When the ten heard this, they began to be angry with James and John. So Jesus called them and said to them, “You know that among the Gentiles those whom they recognize as their rulers lord it over them, and their great ones are tyrants over them. But it is not so among you; but whoever wishes to become great among you must be your servant, and whoever wishes to be first among you must be slave of all. For the Son of Man came not to be served but to serve, and to give his life a ransom for many.”
This is the Gospel selection that will be read aloud by a priest on the twenty-first Sunday after Pentecost [Proper 24], Year B, according to the lectionary for the Episcopal Church. It will follow one of two pairs of Old Testament and Psalm readings, depending on what Track an individual church is on for Year B. The Track 1 pairing has Yahweh respond to Job, after his complaints and the visits from ‘friends’ that try to sway him to admit his wickedness and move on. Psalm 104 has David sing, “You have set the earth upon its foundations, so that it never shall move at any time.” The Track 2 pairing offers Isaiah singing about the troubles of the world, with a lyric that says, “When you make his life an offering for sin, he shall see his offspring, and shall prolong his days.” Psalm 91 then has David praising: “Because he is bound to me in love, therefore will I deliver him; I will protect him, because he knows my Name.” Whichever the path, they will precede a reading from Hebrews, where Paul wrote, “In the days of his flesh, Jesus offered up prayers and supplications, with loud cries and tears, to the one who was able to save him from death, and he was heard because of his reverent submission.”
I wrote about this reading from Mark’s tenth chapter the last time it came up in the lectionary cycle (2018). I posted my observations on my website, which is not available her to read; simply click this link. I went into some depth of explanation, including adding some background material, which I will not repeat at this time. I welcome all readers to view that three-year old posting and then compare what I wrote then to what I will now add.

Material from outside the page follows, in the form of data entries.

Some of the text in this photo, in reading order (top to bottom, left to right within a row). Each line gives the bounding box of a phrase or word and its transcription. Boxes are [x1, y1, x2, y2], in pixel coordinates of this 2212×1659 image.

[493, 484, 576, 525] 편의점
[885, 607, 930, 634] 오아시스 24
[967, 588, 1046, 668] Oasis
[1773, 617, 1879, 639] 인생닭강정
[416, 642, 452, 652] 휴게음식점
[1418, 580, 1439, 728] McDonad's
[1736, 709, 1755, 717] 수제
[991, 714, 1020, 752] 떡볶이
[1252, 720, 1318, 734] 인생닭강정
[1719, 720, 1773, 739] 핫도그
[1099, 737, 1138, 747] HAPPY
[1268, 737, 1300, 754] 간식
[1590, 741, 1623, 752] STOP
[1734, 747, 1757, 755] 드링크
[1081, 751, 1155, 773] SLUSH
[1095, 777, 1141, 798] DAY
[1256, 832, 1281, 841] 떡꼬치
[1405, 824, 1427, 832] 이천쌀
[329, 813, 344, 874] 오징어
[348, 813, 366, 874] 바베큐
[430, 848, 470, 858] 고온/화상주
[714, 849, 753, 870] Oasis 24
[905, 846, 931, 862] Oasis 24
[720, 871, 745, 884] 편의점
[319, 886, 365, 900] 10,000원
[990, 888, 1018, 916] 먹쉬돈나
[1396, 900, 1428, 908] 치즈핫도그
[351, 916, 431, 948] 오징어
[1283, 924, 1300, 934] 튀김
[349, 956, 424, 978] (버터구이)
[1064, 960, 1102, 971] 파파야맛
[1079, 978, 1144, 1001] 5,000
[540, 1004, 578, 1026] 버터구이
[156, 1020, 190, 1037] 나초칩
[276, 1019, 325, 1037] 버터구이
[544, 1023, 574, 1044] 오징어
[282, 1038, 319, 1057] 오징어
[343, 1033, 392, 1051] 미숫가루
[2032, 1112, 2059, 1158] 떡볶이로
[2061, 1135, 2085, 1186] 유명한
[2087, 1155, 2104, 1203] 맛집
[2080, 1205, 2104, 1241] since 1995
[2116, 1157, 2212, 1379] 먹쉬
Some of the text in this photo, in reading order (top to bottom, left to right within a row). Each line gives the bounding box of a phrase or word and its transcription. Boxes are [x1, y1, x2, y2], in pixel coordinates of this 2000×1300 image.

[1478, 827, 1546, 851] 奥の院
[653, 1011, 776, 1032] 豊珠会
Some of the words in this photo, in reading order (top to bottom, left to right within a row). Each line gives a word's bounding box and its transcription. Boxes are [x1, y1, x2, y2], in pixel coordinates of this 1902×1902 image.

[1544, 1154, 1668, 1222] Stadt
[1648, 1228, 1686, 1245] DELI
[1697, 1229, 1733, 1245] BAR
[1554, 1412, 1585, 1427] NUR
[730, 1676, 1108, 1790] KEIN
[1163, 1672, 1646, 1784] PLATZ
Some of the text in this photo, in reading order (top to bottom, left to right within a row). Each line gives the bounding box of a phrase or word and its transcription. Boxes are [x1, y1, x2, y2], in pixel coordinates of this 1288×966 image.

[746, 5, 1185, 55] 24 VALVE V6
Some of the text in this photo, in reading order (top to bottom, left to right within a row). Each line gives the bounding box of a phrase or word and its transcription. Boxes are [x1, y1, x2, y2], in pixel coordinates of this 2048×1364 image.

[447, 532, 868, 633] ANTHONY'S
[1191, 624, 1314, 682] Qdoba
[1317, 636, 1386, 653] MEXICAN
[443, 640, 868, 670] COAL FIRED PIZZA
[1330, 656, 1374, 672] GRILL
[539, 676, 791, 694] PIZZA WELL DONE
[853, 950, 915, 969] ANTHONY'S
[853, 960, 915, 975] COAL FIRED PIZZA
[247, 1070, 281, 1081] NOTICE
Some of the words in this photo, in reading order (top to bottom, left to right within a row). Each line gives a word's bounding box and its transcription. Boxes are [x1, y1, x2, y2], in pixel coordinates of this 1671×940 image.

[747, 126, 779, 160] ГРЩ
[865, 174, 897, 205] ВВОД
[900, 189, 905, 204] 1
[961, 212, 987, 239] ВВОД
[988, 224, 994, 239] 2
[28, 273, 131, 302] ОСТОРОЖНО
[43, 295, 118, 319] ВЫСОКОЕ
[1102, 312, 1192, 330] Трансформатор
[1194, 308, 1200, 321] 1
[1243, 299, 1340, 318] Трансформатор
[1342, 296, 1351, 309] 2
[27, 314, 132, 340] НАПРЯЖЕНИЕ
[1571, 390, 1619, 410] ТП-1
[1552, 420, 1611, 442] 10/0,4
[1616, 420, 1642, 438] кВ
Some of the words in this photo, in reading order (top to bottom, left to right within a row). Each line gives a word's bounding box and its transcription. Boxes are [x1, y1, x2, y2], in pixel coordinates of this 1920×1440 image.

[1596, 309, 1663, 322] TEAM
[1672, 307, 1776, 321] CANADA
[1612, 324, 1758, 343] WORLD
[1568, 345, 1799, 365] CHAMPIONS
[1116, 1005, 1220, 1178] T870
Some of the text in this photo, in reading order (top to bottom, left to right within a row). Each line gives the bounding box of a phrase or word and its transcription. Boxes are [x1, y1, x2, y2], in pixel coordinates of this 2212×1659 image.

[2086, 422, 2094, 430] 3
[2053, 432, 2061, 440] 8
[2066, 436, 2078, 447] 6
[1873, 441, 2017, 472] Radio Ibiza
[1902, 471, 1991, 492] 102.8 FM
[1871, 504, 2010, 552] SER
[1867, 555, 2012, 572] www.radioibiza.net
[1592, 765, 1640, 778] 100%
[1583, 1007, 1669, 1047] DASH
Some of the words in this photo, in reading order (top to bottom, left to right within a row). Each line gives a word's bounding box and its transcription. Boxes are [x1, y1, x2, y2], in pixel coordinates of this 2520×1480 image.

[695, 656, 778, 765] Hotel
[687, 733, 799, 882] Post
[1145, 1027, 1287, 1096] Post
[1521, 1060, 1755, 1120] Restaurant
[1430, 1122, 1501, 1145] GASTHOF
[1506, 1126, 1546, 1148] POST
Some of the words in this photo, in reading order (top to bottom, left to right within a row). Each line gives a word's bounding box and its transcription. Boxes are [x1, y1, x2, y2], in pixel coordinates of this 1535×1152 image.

I invite all comments, questions, suggestions and corrections. Send them to me via email; or, sign up to post directly to a post in the blog.
Today, I want to turn the focus on how this Gospel reading supports and is supported by the other readings that come forth on this twenty-first Sunday after Pentecost. In that, it helps to realize the Gospel reading from the Sunday prior ended at verse thirty-one, with this reading beginning at verse thirty-five, making three verses from Mark’s tenth chapter be leaped over. Those three verses tell of Jesus explaining to his disciples a third time that he was going to be punished in Jerusalem, handed over to the Romans and killed. That needs to be understood as the motivation behind “James and John, the sons of Zebedee, came forward to Jesus.”
In the story of Job, Yahweh finally speaks to His servant, in the thirty-eighth chapter. Many chapters have been the set-up, with Job complaining about wanting to know what he did (so he could never do that again), while being advised by all kinds of ‘friends,’ all of whom have attempted to sway Job from his devotion to Yahweh. This becomes a parallel to the three times Jesus told his disciples of his coming future. Three came to Job: Bildad; Eliphaz; and, Zophar, with an uninvited Elihu coming before Yahweh spoke to Job. All of them represent “elohim,” which Yahweh had said Job feared elohim and turned away from them.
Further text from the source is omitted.